:: Task data ::

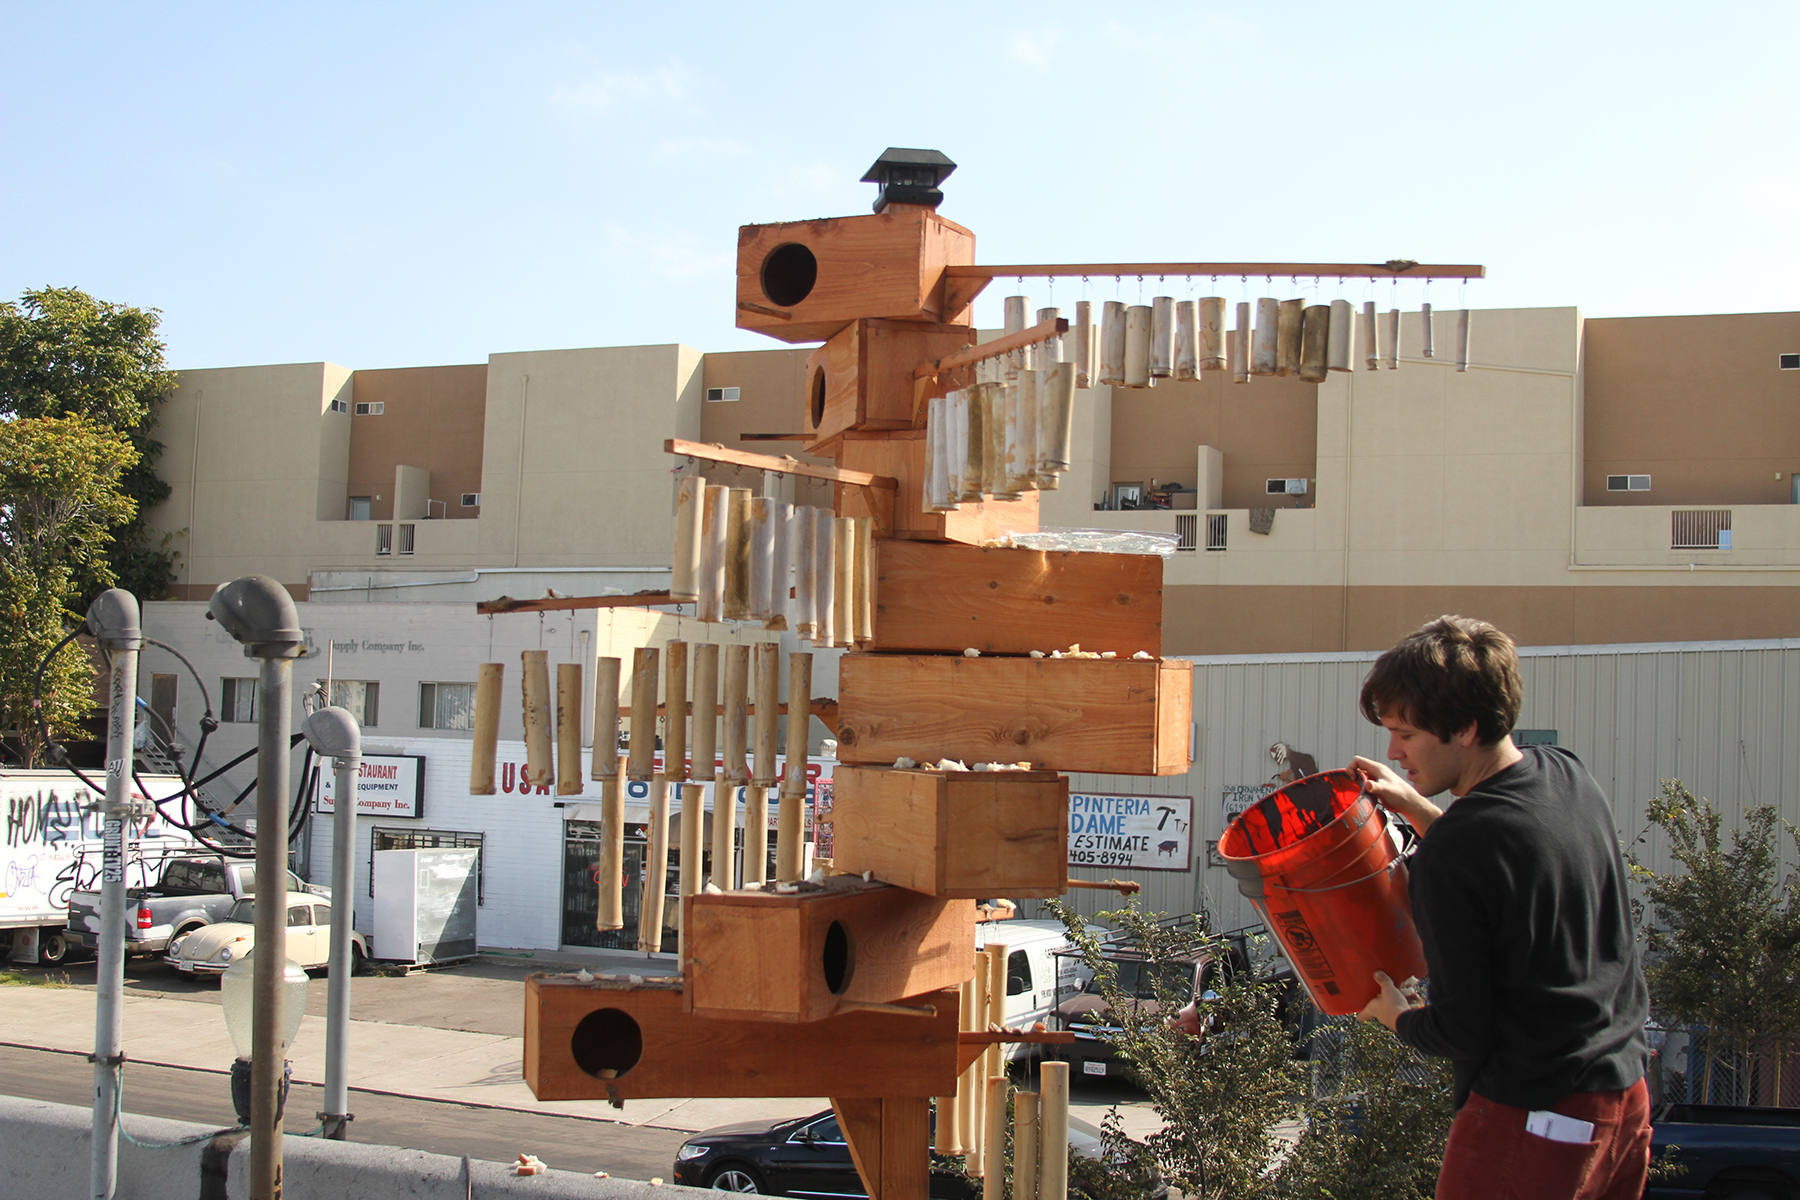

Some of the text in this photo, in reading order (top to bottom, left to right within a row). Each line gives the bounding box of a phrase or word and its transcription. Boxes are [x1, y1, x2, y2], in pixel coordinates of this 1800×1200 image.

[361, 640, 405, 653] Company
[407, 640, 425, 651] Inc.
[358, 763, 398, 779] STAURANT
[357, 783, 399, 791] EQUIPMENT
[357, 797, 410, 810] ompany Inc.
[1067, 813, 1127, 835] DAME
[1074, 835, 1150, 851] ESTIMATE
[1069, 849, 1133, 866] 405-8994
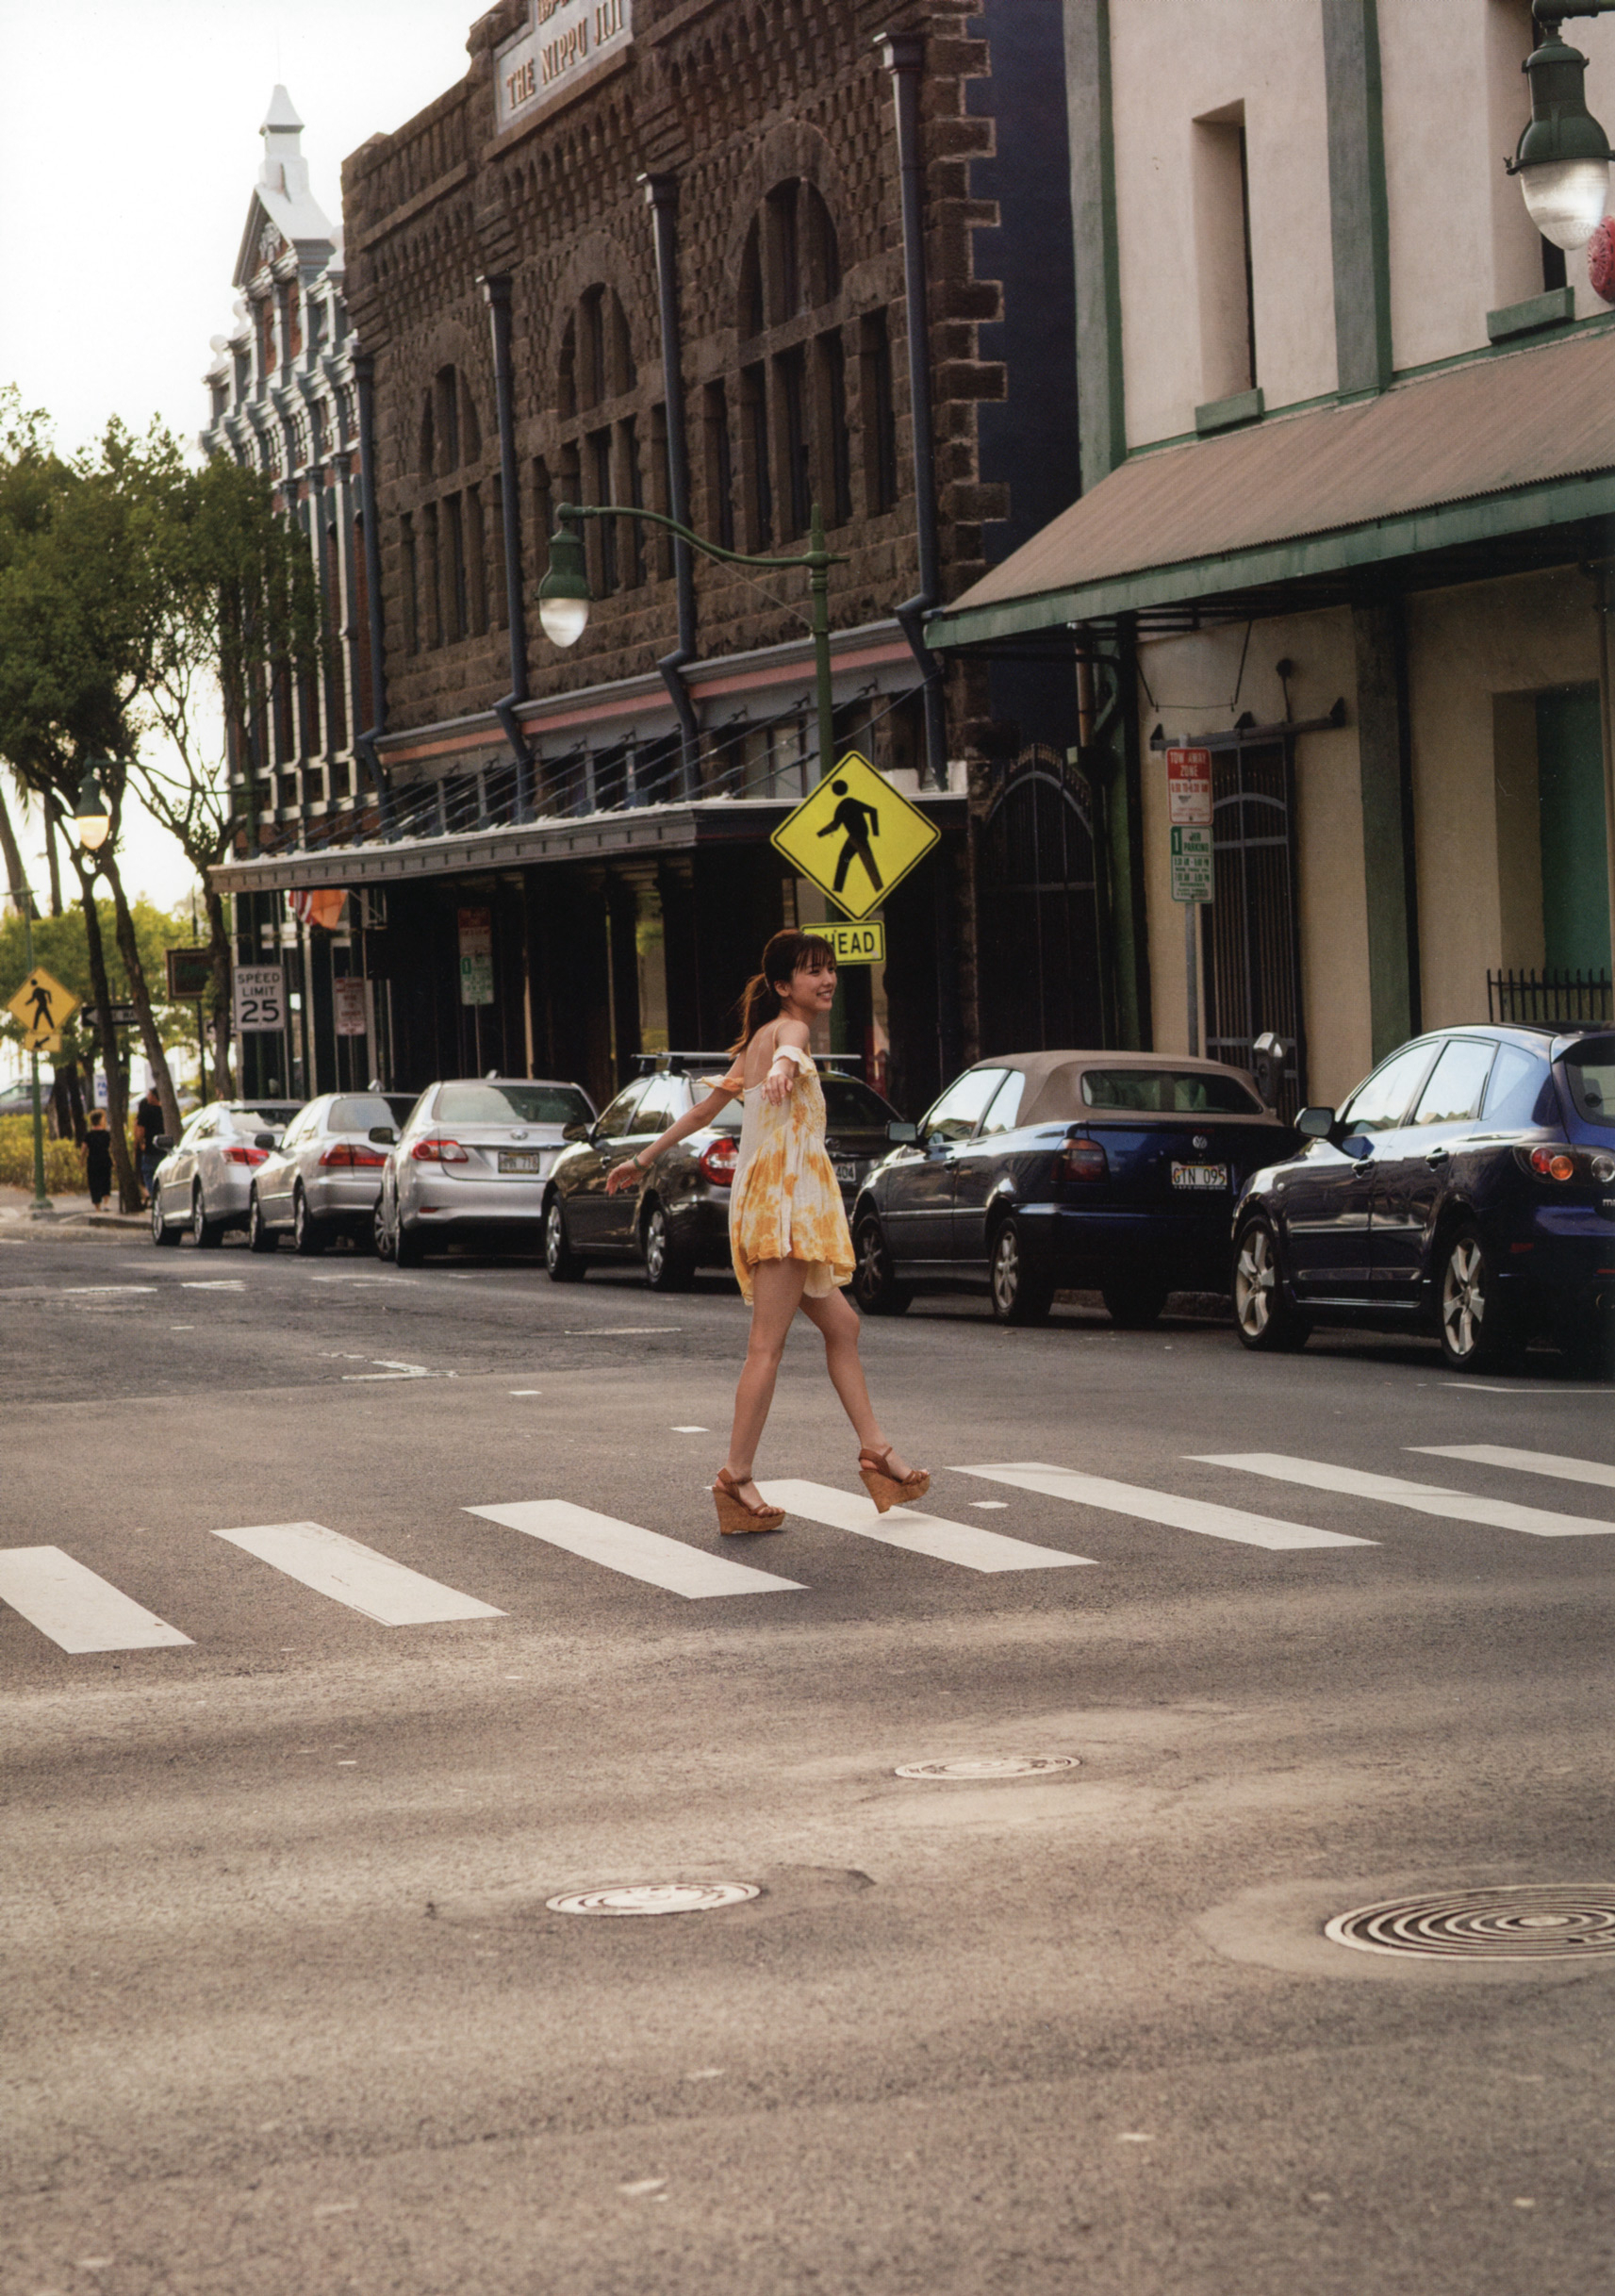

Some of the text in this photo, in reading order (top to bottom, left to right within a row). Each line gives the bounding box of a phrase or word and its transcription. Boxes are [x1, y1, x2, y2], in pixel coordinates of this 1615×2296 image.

:::

What is needed:
Set the whole listing down again unchanged, apart from the pictures, which are omitted.

Result:
Some of the text in this photo, in reading order (top to bottom, left to right within a row). Each line gives the bounding box of a phrase or word and its transcription. Boxes are [x1, y1, x2, y2], in pixel coordinates of this 1800×1200 image.

[361, 640, 405, 653] Company
[407, 640, 425, 651] Inc.
[358, 763, 398, 779] STAURANT
[357, 783, 399, 791] EQUIPMENT
[357, 797, 410, 810] ompany Inc.
[1067, 813, 1127, 835] DAME
[1074, 835, 1150, 851] ESTIMATE
[1069, 849, 1133, 866] 405-8994

Some of the text in this photo, in reading order (top to bottom, left to right within a row). Each line gives the bounding box of a phrase or word and its transcription. Boxes are [x1, y1, x2, y2], in pixel coordinates of this 1615×2296 image.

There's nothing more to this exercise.